Brief:
If a record holds a picture, please leave the picture out and copy the rest of the record exactly.

── Input for this task

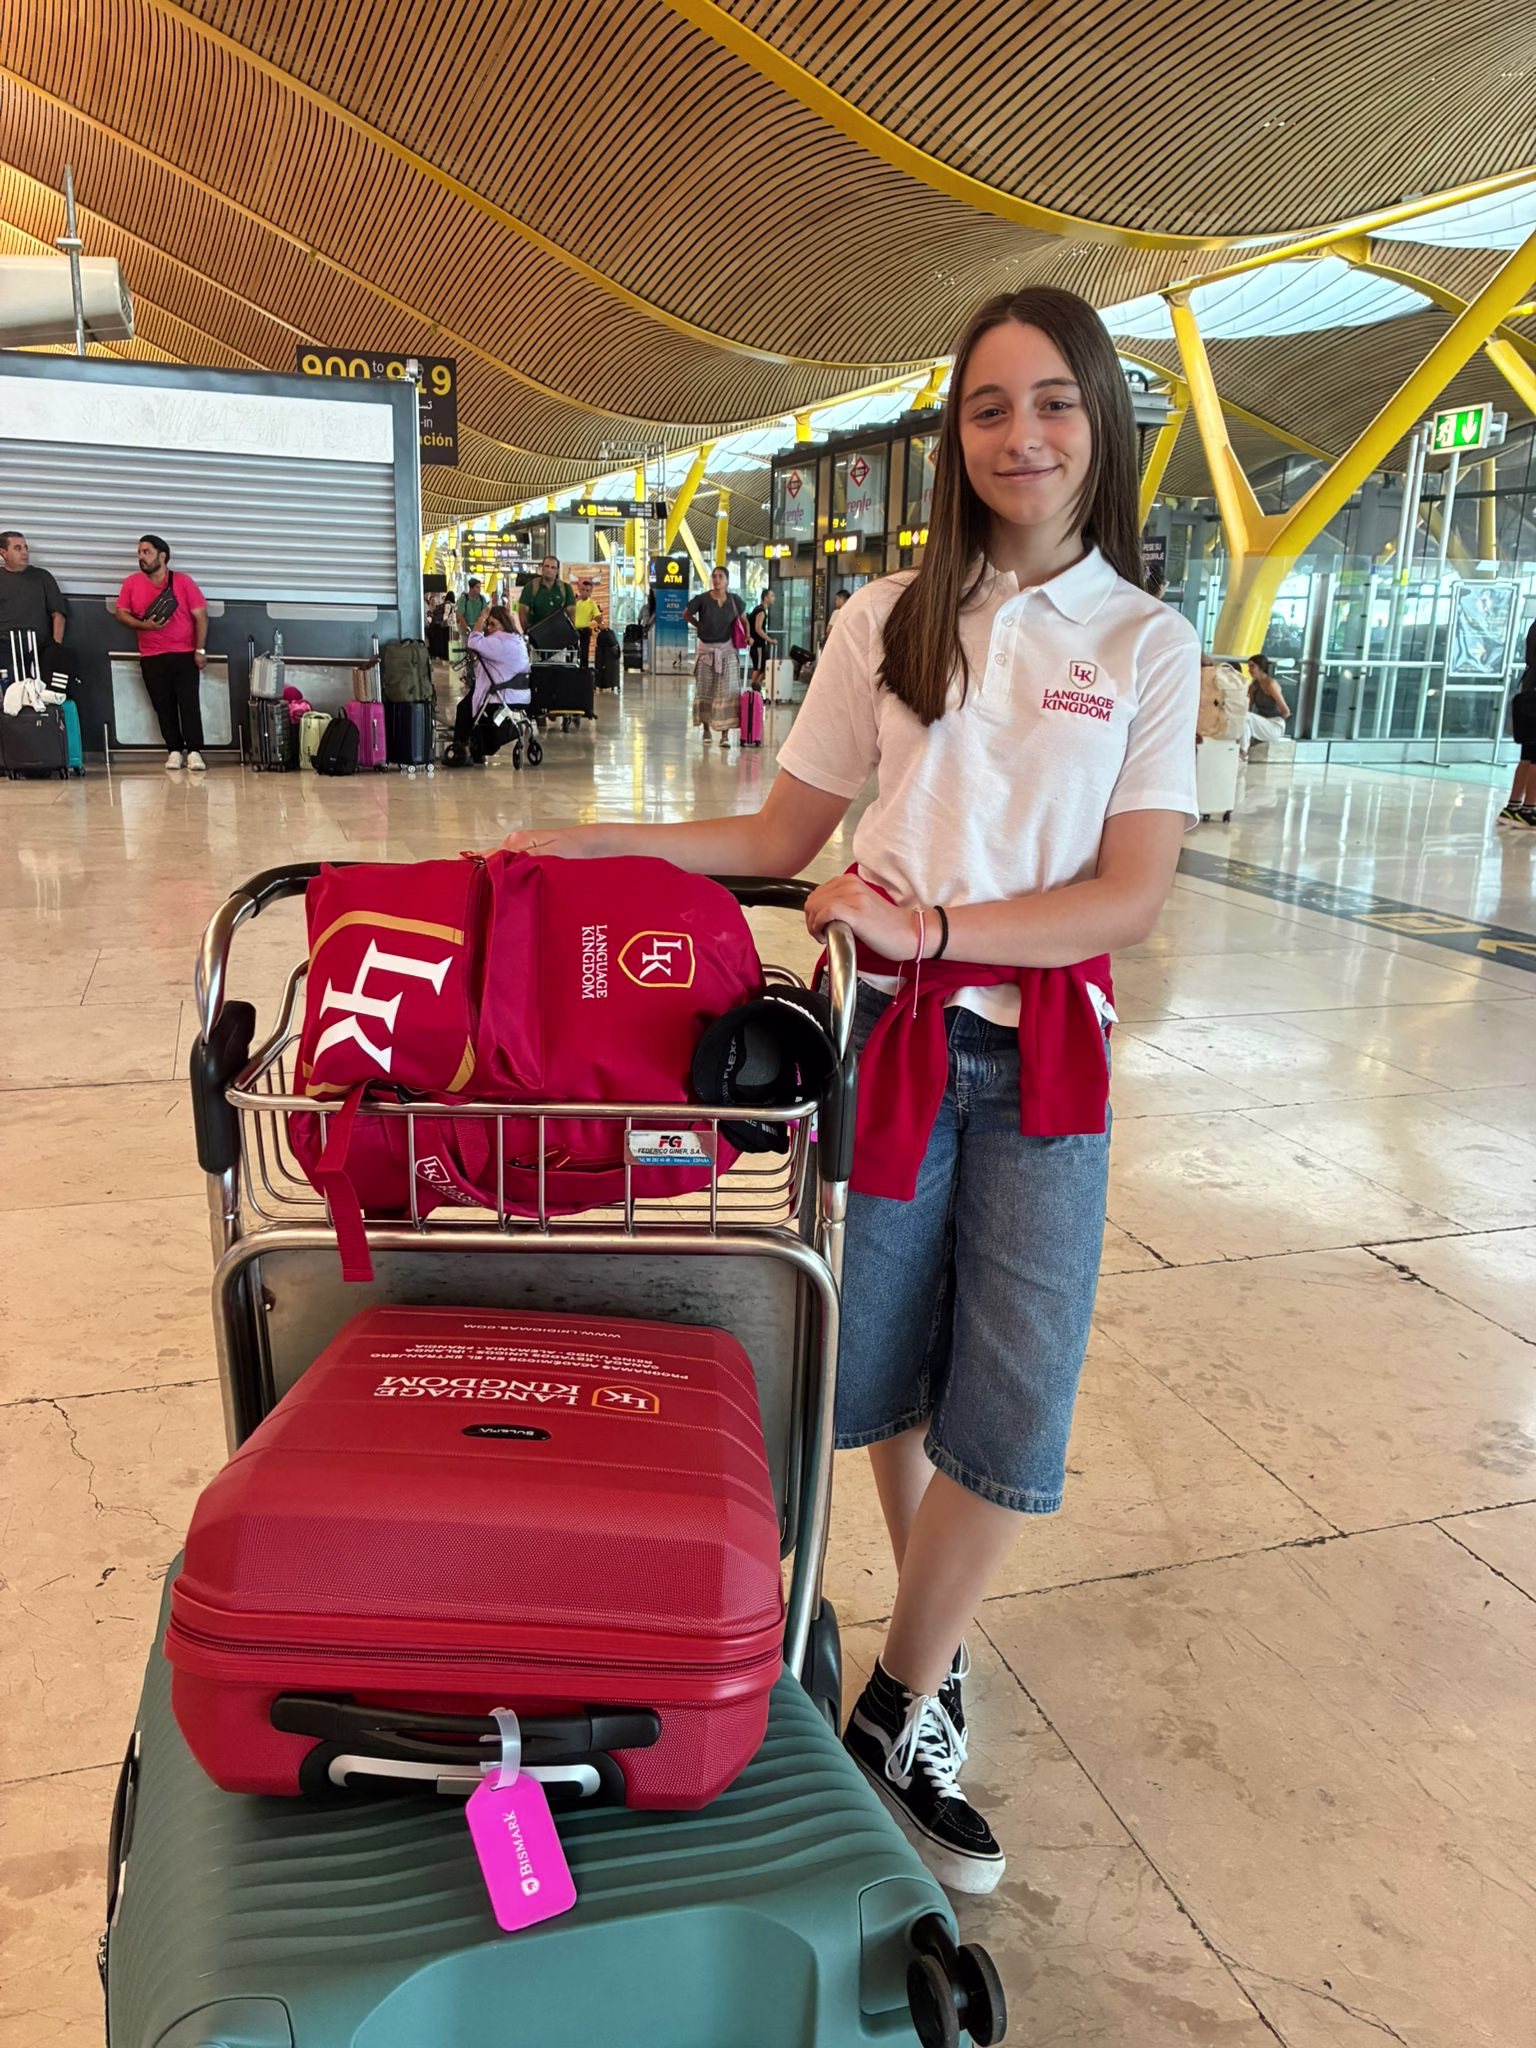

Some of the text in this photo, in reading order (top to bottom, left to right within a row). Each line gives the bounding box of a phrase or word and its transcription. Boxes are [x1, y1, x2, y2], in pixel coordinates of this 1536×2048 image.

[372, 360, 385, 373] to
[386, 361, 451, 396] 99
[846, 491, 872, 518] renfe
[664, 574, 683, 583] ATM
[1073, 665, 1093, 683] LK
[1043, 689, 1115, 710] LANGUAGE
[1041, 698, 1111, 722] KINGDOM
[581, 925, 595, 1000] KINGDOM
[595, 924, 608, 999] LANGUAGE
[639, 937, 682, 980] LK
[313, 938, 454, 1074] LK
[658, 1135, 683, 1148] FG
[464, 1324, 621, 1338] WWW.LKIDIOMAS.COM
[485, 1346, 557, 1354] ALEMANIA
[532, 1353, 593, 1362] ESTADOS
[566, 1352, 609, 1360] UNIDO
[508, 1357, 599, 1368] ACADÉMICOS
[612, 1356, 653, 1365] REINO
[602, 1364, 689, 1380] PROGRAMAS
[379, 1376, 582, 1396] KINGDOM
[373, 1387, 579, 1405] LANGUAGE
[603, 1389, 649, 1410] LK

────

Reply to the task:
Some of the text in this photo, in reading order (top to bottom, left to right within a row). Each line gives the bounding box of a phrase or word and its transcription. Boxes are [x1, y1, x2, y2], in pixel coordinates of this 1536×2048 image.

[372, 360, 385, 373] to
[386, 361, 451, 396] 99
[846, 491, 872, 518] renfe
[664, 574, 683, 583] ATM
[1073, 665, 1093, 683] LK
[1043, 689, 1115, 710] LANGUAGE
[1041, 698, 1111, 722] KINGDOM
[581, 925, 595, 1000] KINGDOM
[595, 924, 608, 999] LANGUAGE
[639, 937, 682, 980] LK
[313, 938, 454, 1074] LK
[658, 1135, 683, 1148] FG
[464, 1324, 621, 1338] WWW.LKIDIOMAS.COM
[485, 1346, 557, 1354] ALEMANIA
[532, 1353, 593, 1362] ESTADOS
[566, 1352, 609, 1360] UNIDO
[508, 1357, 599, 1368] ACADÉMICOS
[612, 1356, 653, 1365] REINO
[602, 1364, 689, 1380] PROGRAMAS
[379, 1376, 582, 1396] KINGDOM
[373, 1387, 579, 1405] LANGUAGE
[603, 1389, 649, 1410] LK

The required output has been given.